RECORDS FOR THE TASK -
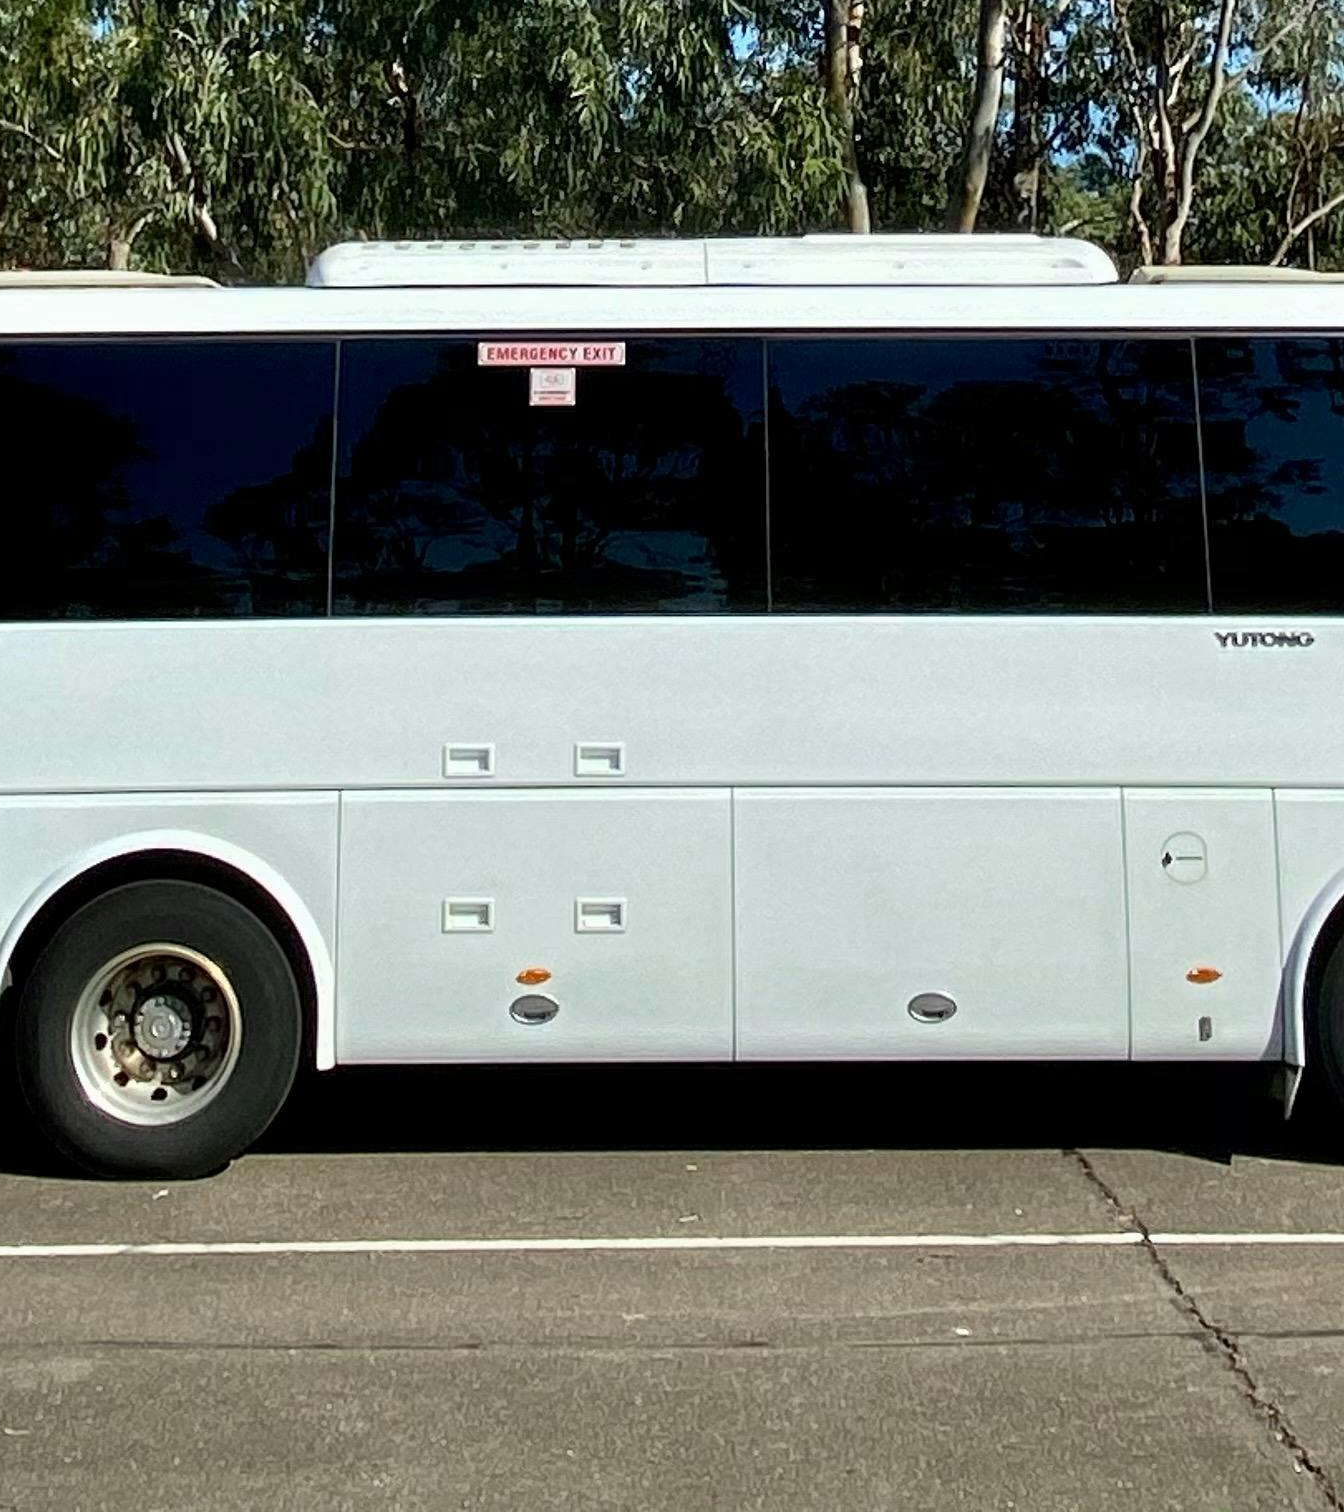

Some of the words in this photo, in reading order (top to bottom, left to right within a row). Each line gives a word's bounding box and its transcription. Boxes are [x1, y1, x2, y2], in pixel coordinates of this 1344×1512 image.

[486, 347, 578, 361] EMERGENCY
[583, 346, 617, 361] EXIT
[1214, 631, 1315, 648] YUTONG
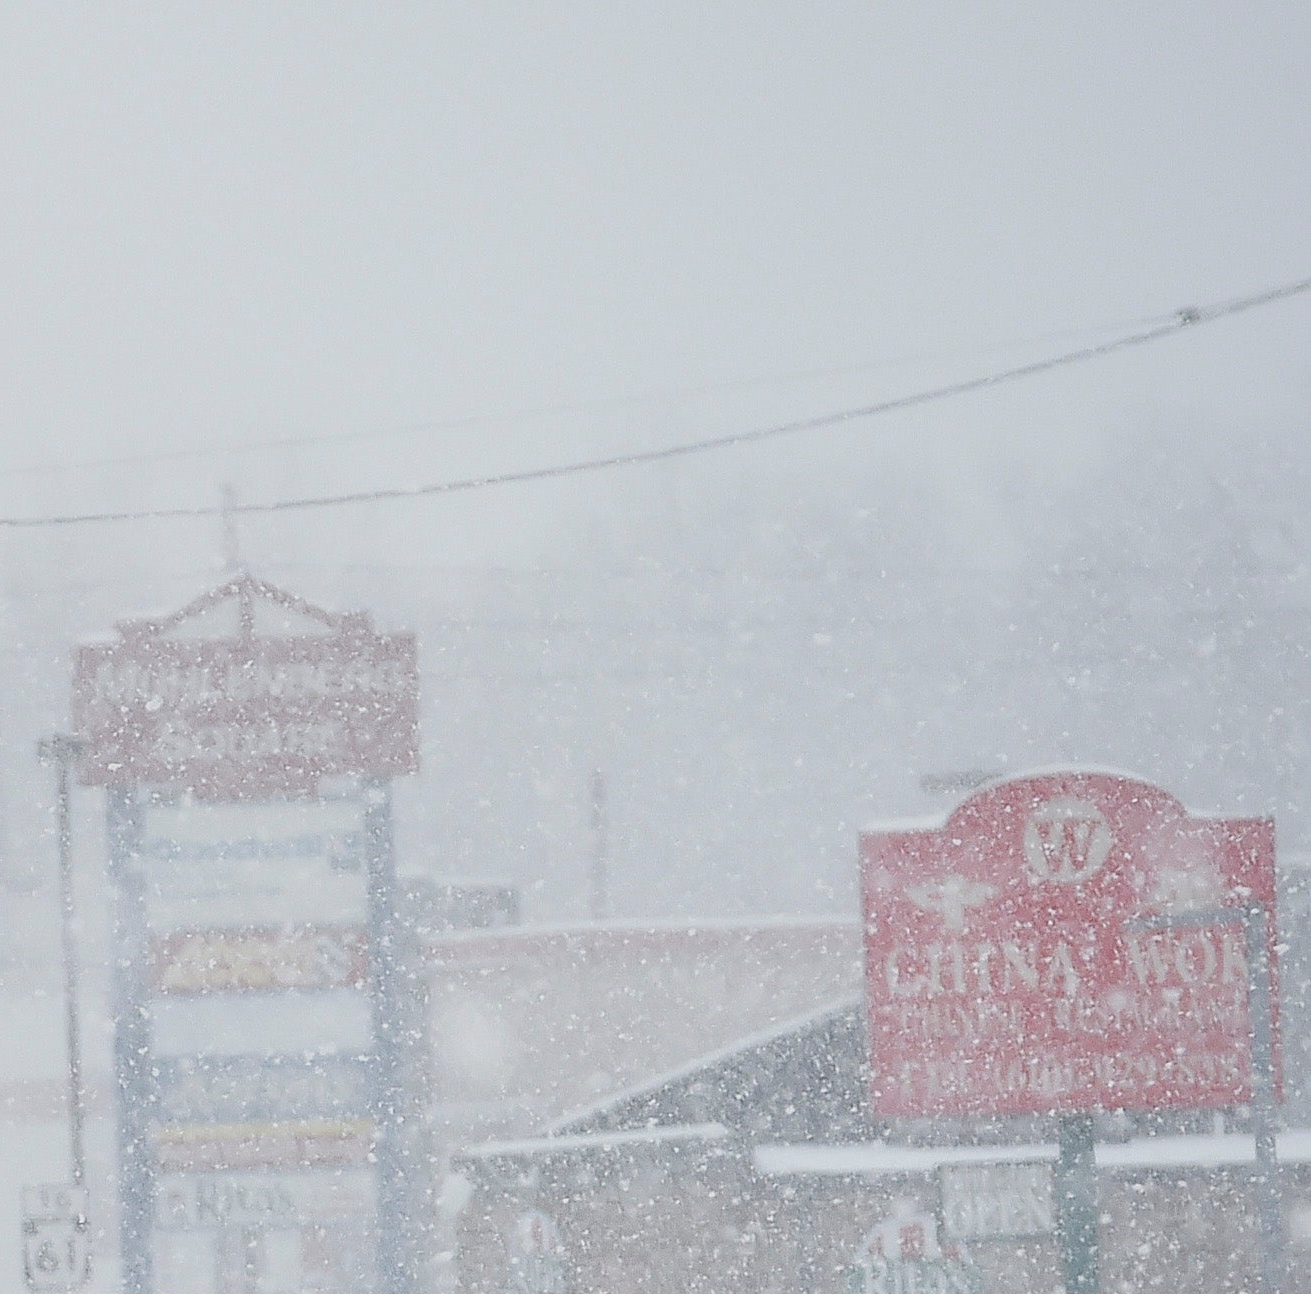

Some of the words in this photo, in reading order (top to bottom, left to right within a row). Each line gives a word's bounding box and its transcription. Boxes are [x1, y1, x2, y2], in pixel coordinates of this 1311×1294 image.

[885, 938, 1081, 996] CHINA
[944, 1192, 1056, 1238] OPEN
[36, 1239, 76, 1274] 61

WHAT IS BEING ASKED -
The preceding listing is to be restated word for word, with every picture omitted.

OUTPUT OF THE TASK -
Some of the words in this photo, in reading order (top to bottom, left to right within a row). Each line gives a word's bounding box and its transcription. Boxes are [x1, y1, x2, y2], in pixel coordinates of this 1344×1512 image.

[486, 347, 578, 361] EMERGENCY
[583, 346, 617, 361] EXIT
[1214, 631, 1315, 648] YUTONG

Some of the words in this photo, in reading order (top to bottom, left to right within a row). Each line gives a word's bounding box and its transcription. Boxes are [x1, y1, x2, y2], in pixel coordinates of this 1311×1294 image.

[885, 938, 1081, 996] CHINA
[944, 1192, 1056, 1238] OPEN
[36, 1239, 76, 1274] 61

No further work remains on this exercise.